• THE TASK
Before repeating the entries below, strip out every picture and keep all else as it is.

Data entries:
----
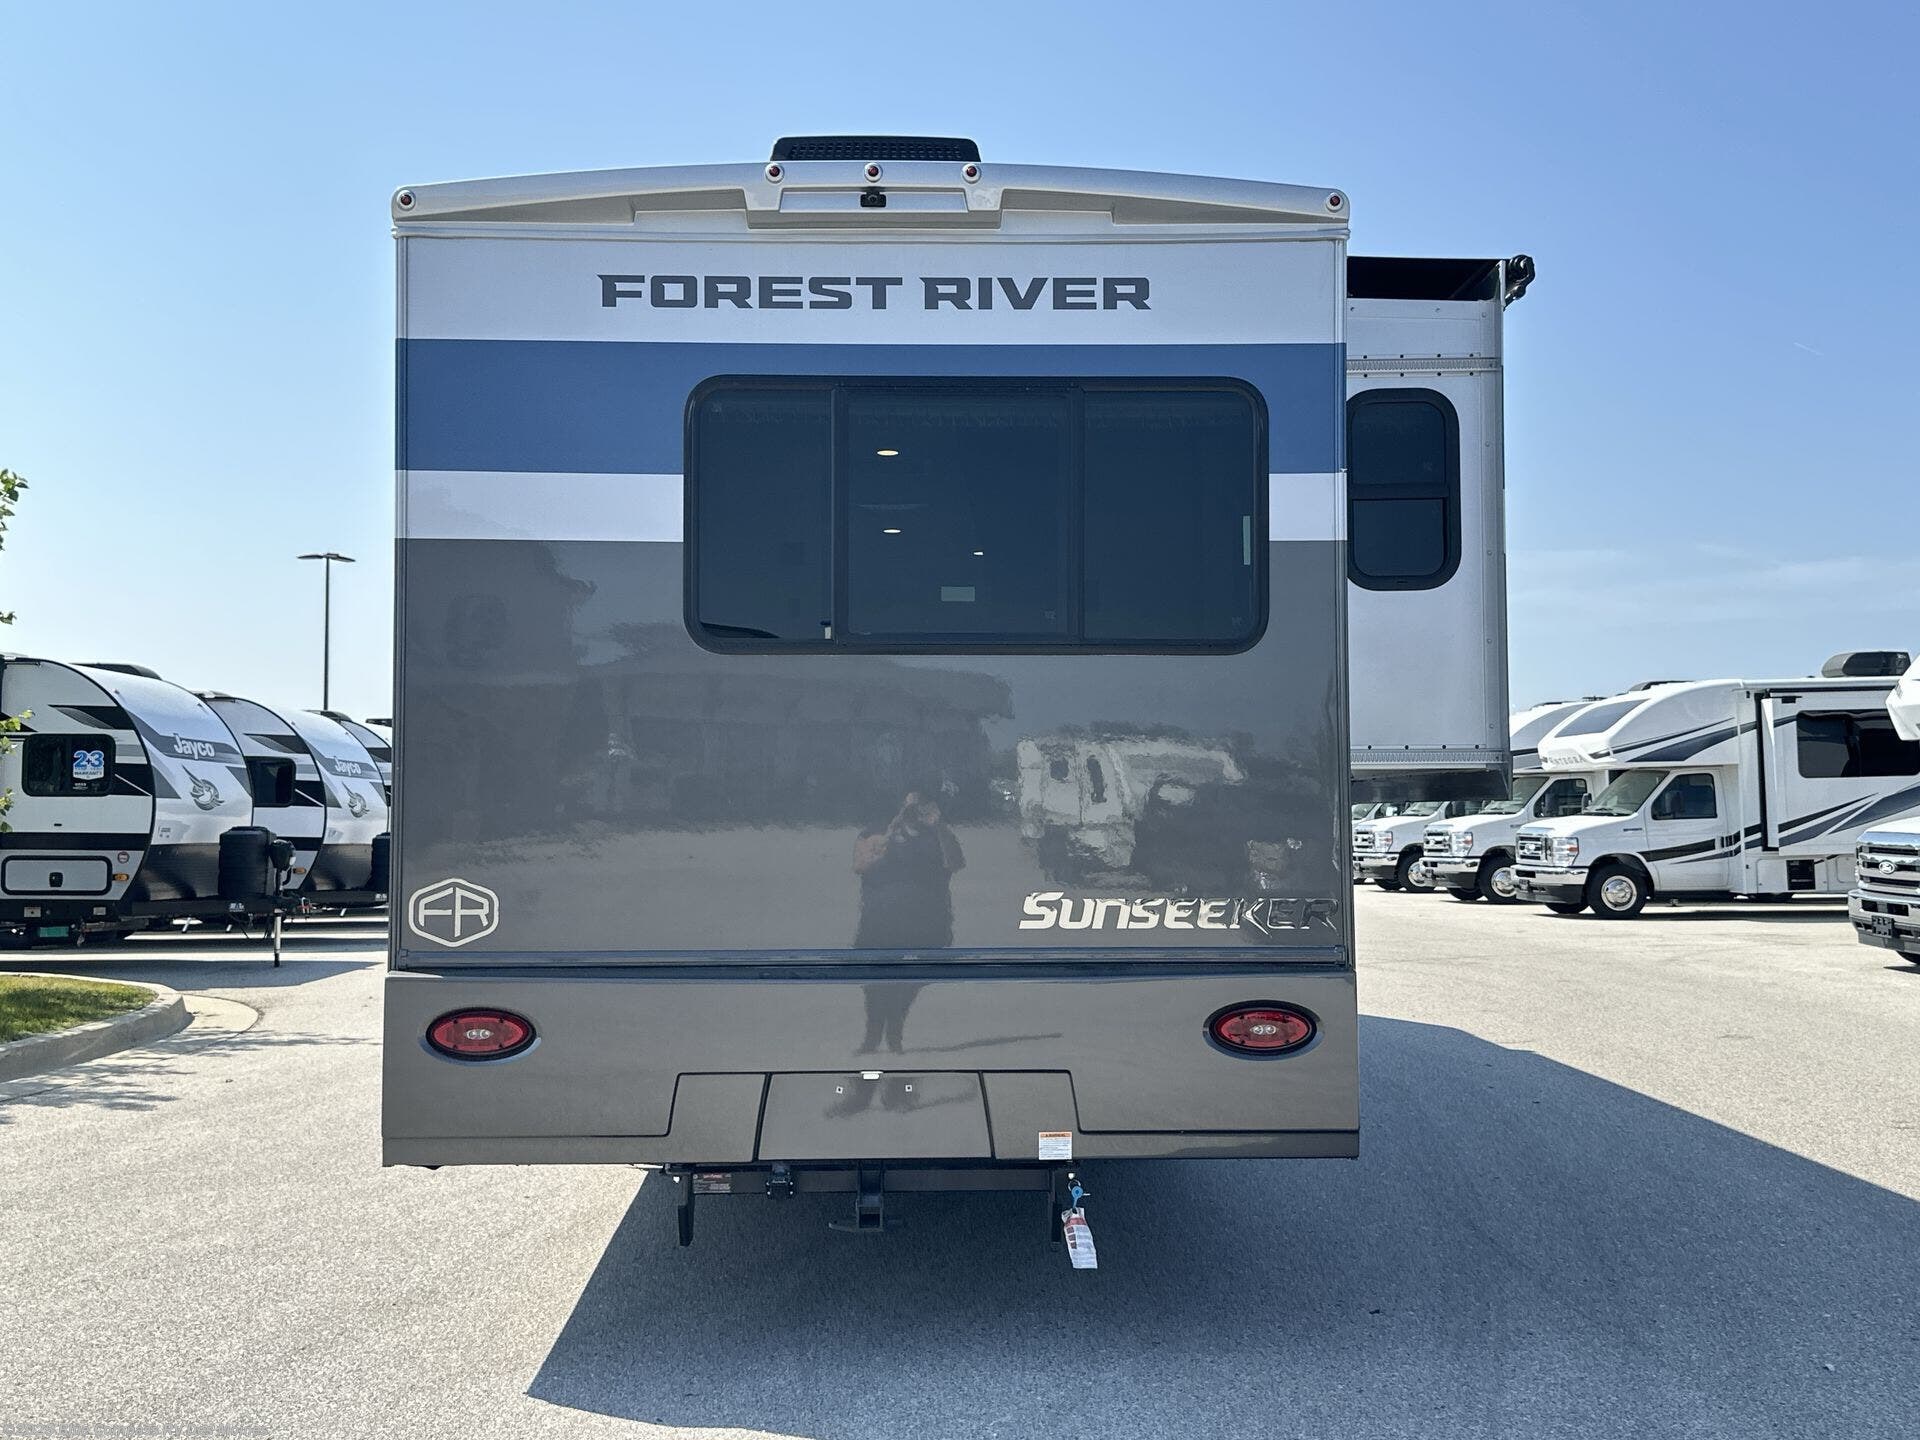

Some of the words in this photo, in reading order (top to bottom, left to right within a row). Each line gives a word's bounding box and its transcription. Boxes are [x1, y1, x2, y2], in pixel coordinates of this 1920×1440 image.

[597, 275, 902, 310] FOREST
[919, 276, 1152, 310] RIVER
[173, 733, 215, 760] Jayco
[334, 756, 362, 776] Jayco
----
• RESULT FOR THIS TASK
Some of the words in this photo, in reading order (top to bottom, left to right within a row). Each line gives a word's bounding box and its transcription. Boxes are [x1, y1, x2, y2], in pixel coordinates of this 1920×1440 image.

[597, 275, 902, 310] FOREST
[919, 276, 1152, 310] RIVER
[173, 733, 215, 760] Jayco
[334, 756, 362, 776] Jayco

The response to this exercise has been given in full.